The Shona Significance of Bones

Margaret Hander '00, English 27, 1997

Bones in Shona culture represent not only the connection between the living and the dead but also instruments of divination. The divination ritual allows one to call upon the power of the ancestors and other deities to cure "whenever a person has reason to believe that one has lost touch with oneself, resulting in a series of misfortunes or unexplained circumstances" (Ephirim-Donkor, 41). The miserable circumstance of the commercial farm laborers in Bones cries for such a remedy: "the women will one day break their backs weeding the fields of the white man . . . The men are all castrated, you used to say.

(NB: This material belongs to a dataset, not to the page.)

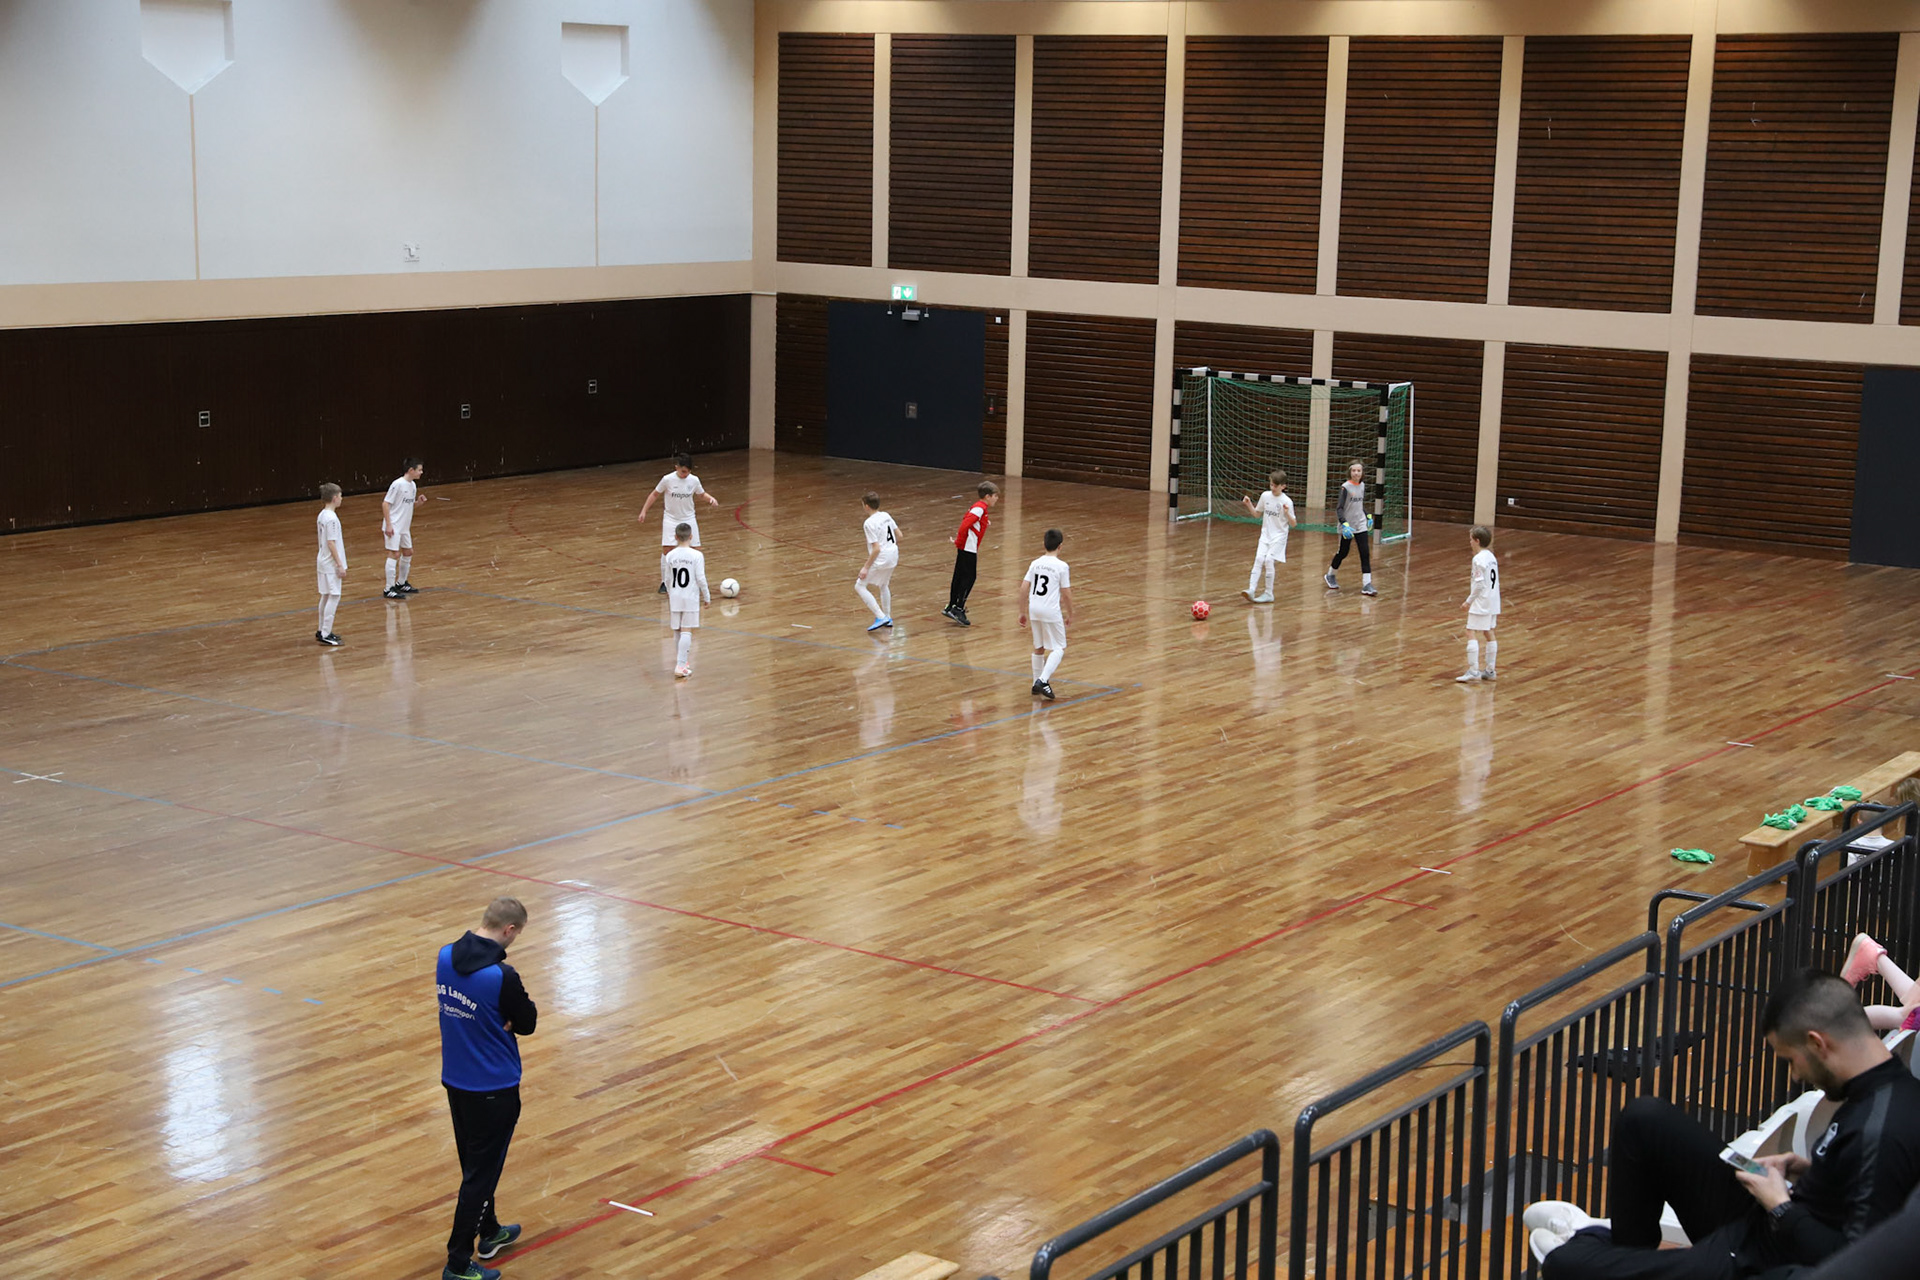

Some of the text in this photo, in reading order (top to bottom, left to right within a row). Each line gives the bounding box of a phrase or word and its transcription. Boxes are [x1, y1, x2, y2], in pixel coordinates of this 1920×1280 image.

They cannot lift up their heads against the one man who uses the baas boy as his whip"(14).

The "nganga," diviners and herbalists, as well as laymen of the Shona culture use "bones" or hakata (called so although they are ritually prepared from wood) (Gelfand, 163), to detect the causes of both spiritual and physical illnesses. "Many men who do not pride themselves with the title of nganga claim to be able to divine with hakata for matters of average importance in daily life." "As long as those who interview the diviner are spiritually related to the patient, the bones are able to 'talk'" (Gelfand, 163). Therefore, the function of bones as tools of divination is commonly known in Shona culture and serves to reinforce connections to one's spiritual relations.

References

Ephirim-Donkor, Anthony. African Spirituality: on Becoming Ancestors. Trenton, N.J., Africa World P.: 1997.

Gelfand, Michael. Shona Religion. Wynberg, South Africa, Juta& Co. Ltd.: 1962.